As someone who has written about Wi-Fi for many years and tested hundreds of pieces of gear, I’m always looking for affordable, useful tools that let me analyze my home network. In the past, companies have loaned me spectrum analyzers, which examine all the radio signals on ranges of frequencies. But while IT professionals may find those useful, they’re overkill for home users and small business: they’re just too expensive.

That’s why I was excited to stumble across the $15 WiFi Explorer. It was first released in 2012, but didn’t appear on my radar until the 2.0 release in May 2015. With a combination of graphic visualizations, lists of information, and the capability to drill down into super-technical details, WiFi Explorer has become my top recommendation for anyone trying to sort out a local Wi-Fi environment.

WiFi Explorer pairs beautifully with NetSpot, an OS X Wi-Fi signal-mapping program I reviewed way back in 2011 for Macworld. NetSpot has matured since then, and does its job even better now, while also adding some serious (and expensive) professional options above the free, non-commercial level.

Let’s start with Netspot, even though we’ll only use a fraction of its power. It’s a great way to get a two-dimensional lay of the land.

Paint a Wi-Fi Picture — Netspot starts with a map. You can import a house or office plan, sketch one, use a sample map, or start with an empty page. You measure the distance between two points you mark on the map and it uses that to scale the rest of the map. Then you wander around your premises with a laptop, clicking to measure at various points.


You can mark just a handful of sampling points, but I like to use many for greater insight. Once you’ve finished sampling, you have an interactive map.
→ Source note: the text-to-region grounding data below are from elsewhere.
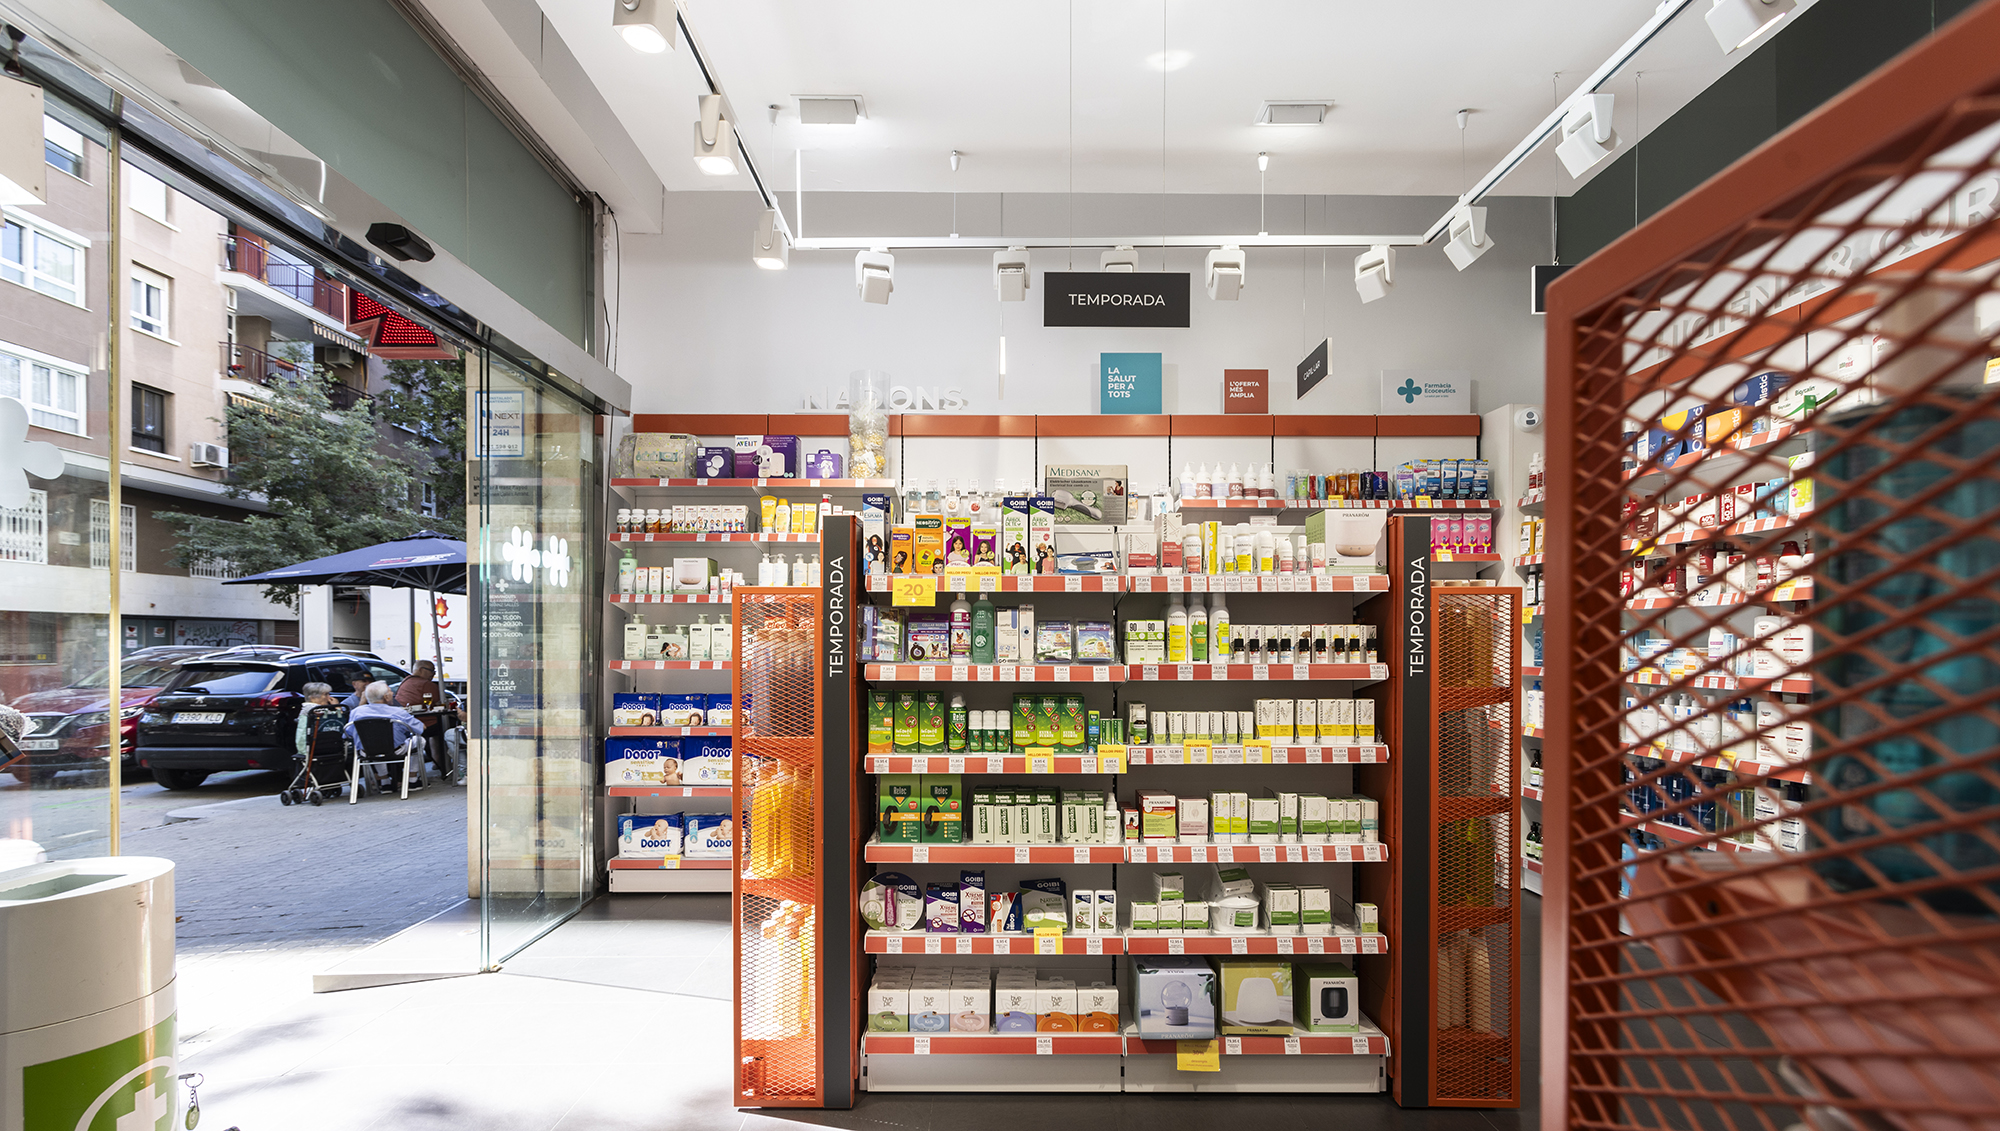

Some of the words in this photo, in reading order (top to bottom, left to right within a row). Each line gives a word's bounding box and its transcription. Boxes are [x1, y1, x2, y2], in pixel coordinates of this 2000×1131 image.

[1068, 293, 1166, 306] TEMPORADA
[896, 584, 924, 596] -20
[830, 556, 844, 678] TEMPORADA
[1410, 556, 1425, 677] TEMPORADA
[1130, 623, 1137, 632] 90
[1148, 623, 1155, 632] 90
[177, 713, 201, 722] 9390
[204, 713, 224, 722] KLD
[624, 748, 661, 760] DODOT
[641, 839, 671, 848] DODOT
[706, 839, 732, 848] DODO
One of the absolute neatest features of NetSpot, and one reason I was immediately impressed with it originally, is that it can accurately calculate where your access points are located.


In my case, I have an 802.11ac AirPort Extreme on our main floor, and then a single-band-at-a-time 802.11n AirPort Extreme in the basement near my desk. At the other end of the house, in a guest room, I have an 802.11n AirPort Express. The upstairs base station was placed within several inches. The downstairs units, sampled through the floor, were only a few inches further off.
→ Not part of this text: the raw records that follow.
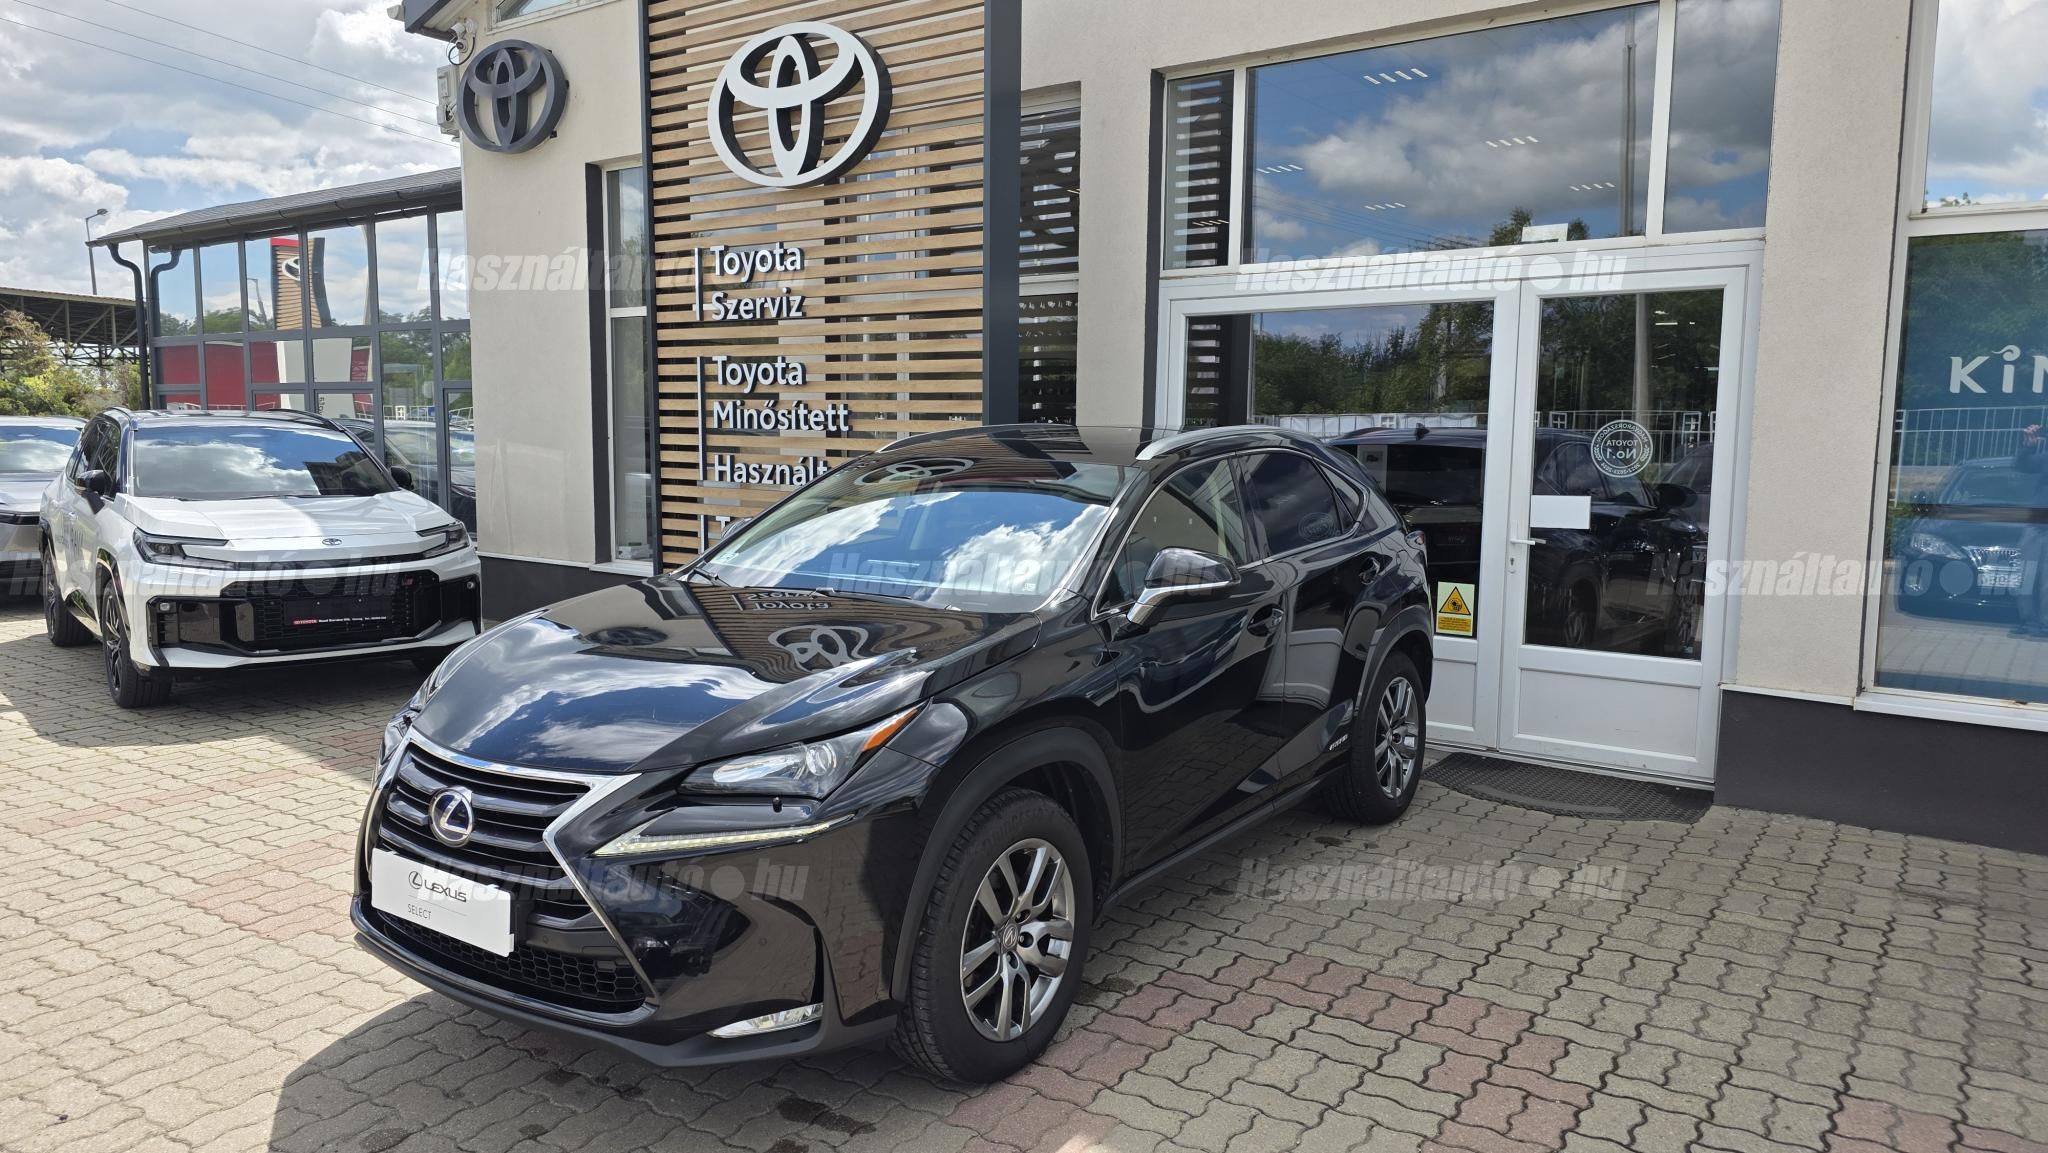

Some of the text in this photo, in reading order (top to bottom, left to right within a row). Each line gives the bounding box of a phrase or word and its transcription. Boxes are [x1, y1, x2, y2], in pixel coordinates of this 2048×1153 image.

[710, 242, 802, 283] Toyota
[711, 288, 803, 320] Szerviz
[712, 355, 804, 394] Toyota
[713, 401, 849, 432] Minősített
[714, 454, 828, 486] Használt
[424, 879, 467, 903] LEXUS
[407, 903, 432, 920] SELECT
The interactive map lets you select and deselect base stations in a list, so you can see in isolation and together what your best coverage is. As noted in my 2011 review, the spectrum of colors ranges from blue (terrible) through cyan to green (good) through yellow to red (best). This provides a lot of granularity at a glance, but just remember green, yellow, and red are good, better, best. You can also use a pop-up menu to toggle what’s overlaid on the map as a whole.


The free version lets you visualize only up to five access points at a time, which includes each radio on a multi-band router. I have three routers, two of which are simultaneous dual-band models, and thus I was able to see my whole network within the five-unit limit. In addition, the free version is intended for non-commercial use with personal computers.

For offices, Netspot Pro costs $149 for a single-user license, and the 10-user Netspot Enterprise license is $499. These prices are reasonable if you’re maintaining multiple large networks, and you get a lot more features to boot.

Once you have a completed map, print it out to use as a guide, so you can consider improvements while you use WiFi Explorer to measure and analyze both the signals in the air and the radio choices you and your neighbors have made.

Sniff the Air Around You — WiFi Explorer helps tremendously with understanding interference from adjacent networks by providing both comprehensive details and graphical insight. It also lets you see at a glance precisely how your network is configured. Apple doesn’t offer that in AirPort Utility, which shows connections and base station names, but requires you to hover over each base station to see channel assignments and other details.

WiFi Explorer has just one window with four views at the bottom, three of them visualizations. When launched, the app starts scanning. If you don’t see updates, make sure the top display says “scanning.” The scan is updated every five seconds. A left navigation bar lets you filter networks discovered in the vicinity by Wi-Fi mode, network name, and other parameters.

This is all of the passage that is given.